“Brought to a verdict”

There is in modern discussions of religion and philosophy an absurd assumption that a man is in some way just and well-poised because he has come to no conclusion; and that a man is in some way knocked off the list of fair judges because he has come to a conclusion. It is assumed that the sceptic has no bias; whereas he has a very obvious bias in favour of scepticism. I remember once arguing with an honest young atheist, who was very much shocked at my disputing some of the assumptions which were absolute sanctities to him (such as the quite unproved proposition of the independence of matter and the quite improbable proposition of its power to originate mind), and he at length fell back upon this question, which he delivered with an honourable heat of defiance and indignation: “Well, can you tell me any man of intellect, great in science or philosophy, who accepted the miraculous?” I said, “With pleasure. Descartes, Dr. Johnson, Newton, Faraday, Newman, Gladstone, Pasteur, Browning, Brunetiere–as many more as you please.” To which that quite admirable and idealistic young man made this astonishing reply — “Oh, but of course they had to say that; they were Christians.” First he challenged me to find a black swan, and then he ruled out all my swans because they were black. The fact that all these great intellects had come to the Christian view was somehow or other a proof either that they were not great intellects or that they had not really come to that view. The argument thus stood in a charmingly convenient form: “All men that count have come to my conclusion; for if they come to your conclusion they do not count.”

It did not seem to occur to such controversialists that if Cardinal Newman was really a man of intellect, the fact that he adhered to dogmatic religion proved exactly as much as the fact that Professor Huxley, another man of intellect, found that he could not adhere to dogmatic religion; that is to say (as I cheerfully admit), it proved precious little either way. If there is one class of men whom history has proved especially and supremely capable of going quite wrong in all directions, it is the class of highly intellectual men. I would always prefer to go by the bulk of humanity; that is why I am a democrat. But whatever be the truth about exceptional intelligence and the masses, it is manifestly most unreasonable that intelligent men should be divided upon the absurd modern principle of regarding every clever man who cannot make up his mind as an impartial judge, and regarding every clever man who can make up his mind as a servile fanatic.
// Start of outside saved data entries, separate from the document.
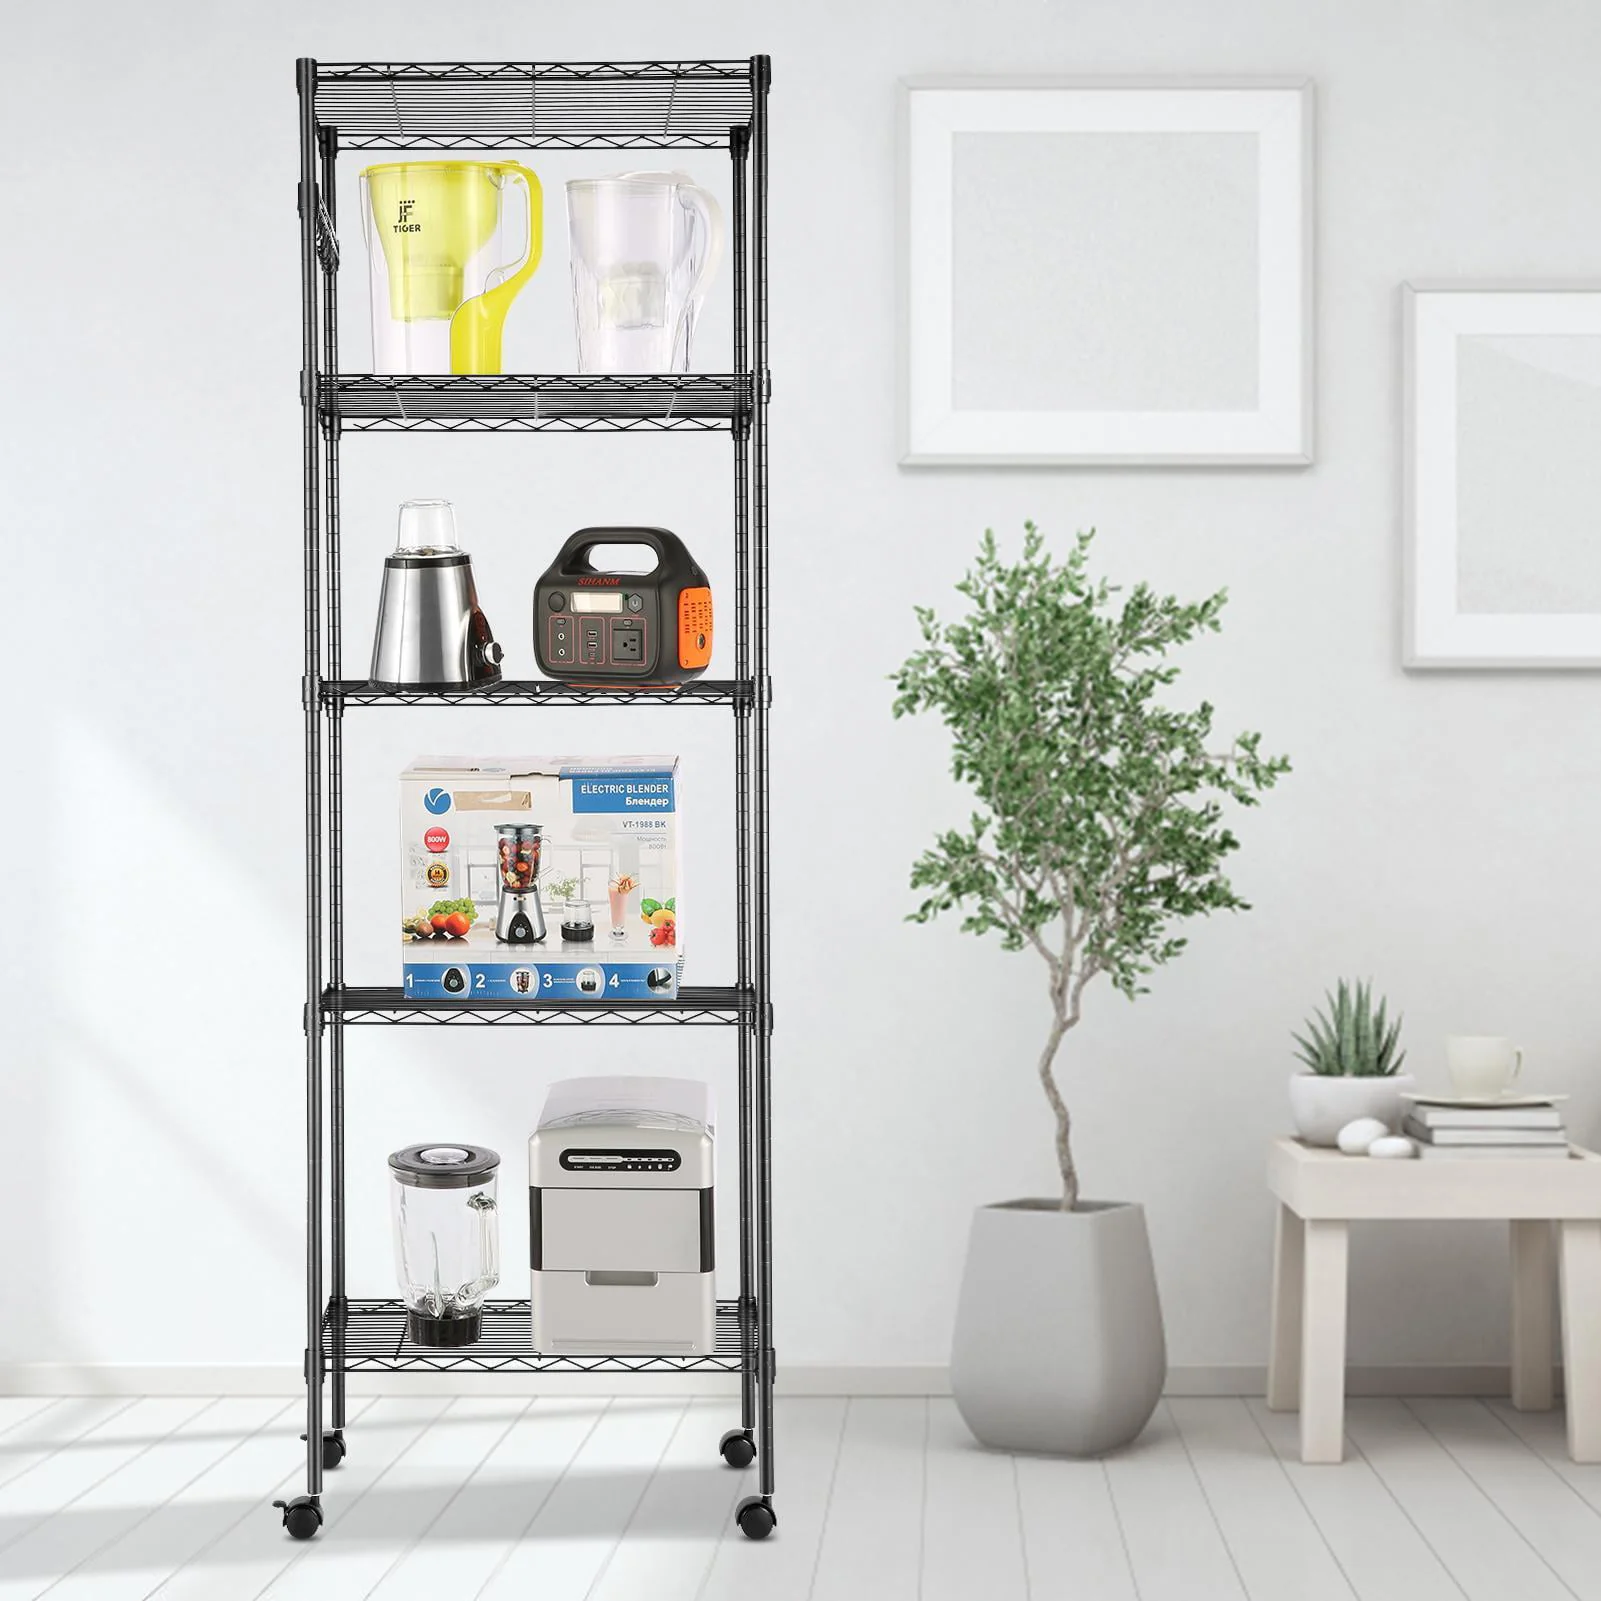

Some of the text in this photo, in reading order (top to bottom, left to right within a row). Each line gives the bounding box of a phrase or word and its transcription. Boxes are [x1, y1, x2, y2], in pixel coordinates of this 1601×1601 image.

[393, 224, 421, 233] TIGER
[581, 784, 669, 794] ELECTRIC BLENDER
[625, 797, 669, 807] Блендер
[654, 820, 666, 828] BK
[406, 973, 414, 988] 1
[475, 973, 486, 988] 2
[543, 973, 553, 988] 3
[608, 973, 620, 988] 4
As it is, we seem to regard it as a positive objection to a reasoner that he has taken one side or the other. We regard it (in other words) as a positive objection to a reasoner that he has contrived to reach the object of his reasoning. We call a man a bigot or a slave of dogma because he is a thinker who has thought thoroughly and to a definite end. We say that the juryman is not a juryman because he has brought in a verdict. We say that the judge is not a judge because he gives judgment. We say that the sincere believer has no right to vote, simply because he has voted.

The Illustrated London News, 4 May 1907.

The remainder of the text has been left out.